EXERCISE INPUT.
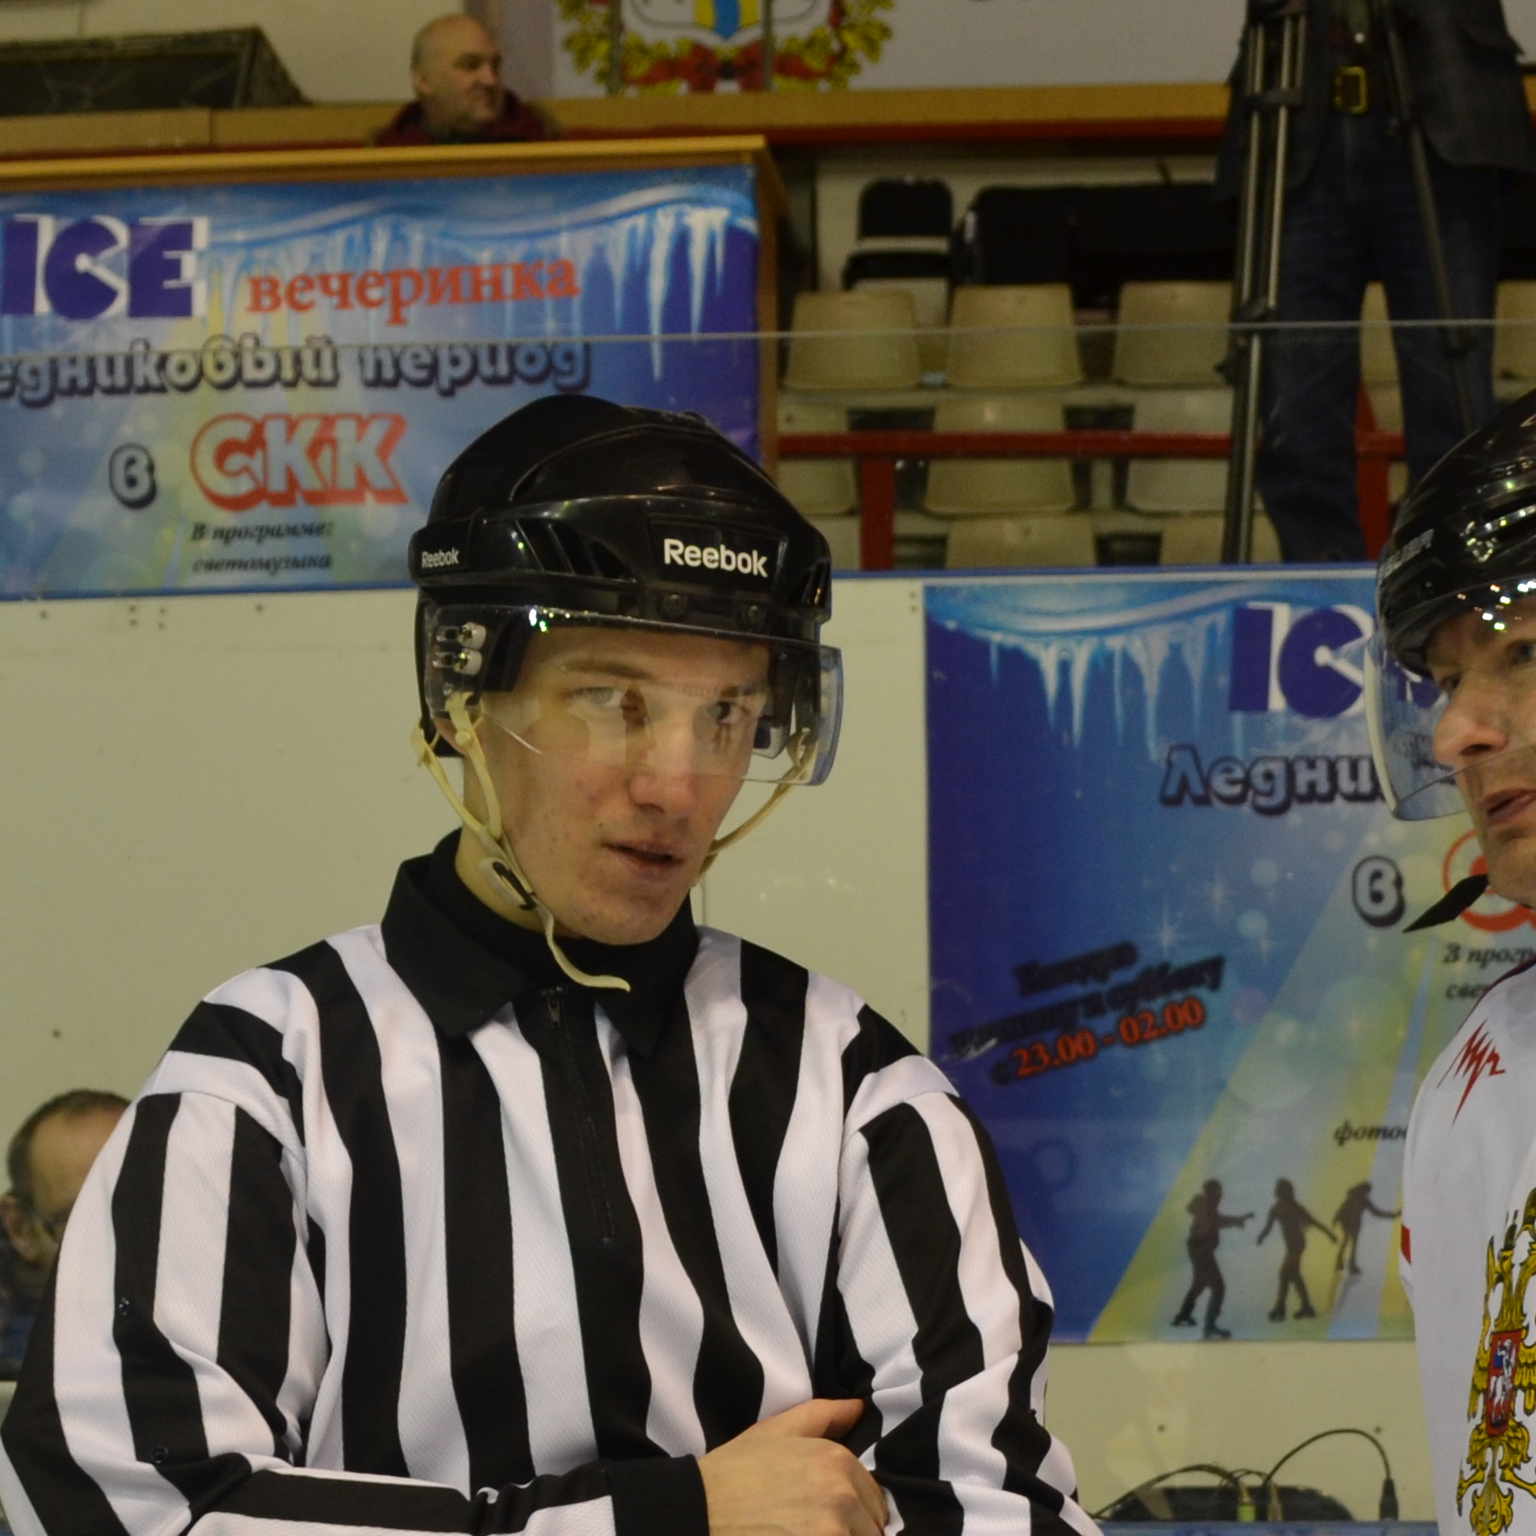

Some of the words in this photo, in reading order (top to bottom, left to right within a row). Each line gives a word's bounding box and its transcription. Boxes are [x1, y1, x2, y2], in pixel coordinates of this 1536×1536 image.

[0, 214, 208, 320] ICE
[245, 257, 580, 326] вечеринка
[359, 336, 592, 396] период
[190, 413, 408, 511] СКК
[421, 547, 460, 569] Reebok
[663, 536, 768, 579] Reebok
[1014, 1030, 1096, 1079] 23.00
[1118, 997, 1205, 1046] 02.00

TASK PROMPT. In the copy you write, the data above must appear exactly, with no pictures.

WRITTEN RESPONSE.
Some of the words in this photo, in reading order (top to bottom, left to right within a row). Each line gives a word's bounding box and its transcription. Boxes are [x1, y1, x2, y2], in pixel coordinates of this 1536×1536 image.

[0, 214, 208, 320] ICE
[245, 257, 580, 326] вечеринка
[359, 336, 592, 396] период
[190, 413, 408, 511] СКК
[421, 547, 460, 569] Reebok
[663, 536, 768, 579] Reebok
[1014, 1030, 1096, 1079] 23.00
[1118, 997, 1205, 1046] 02.00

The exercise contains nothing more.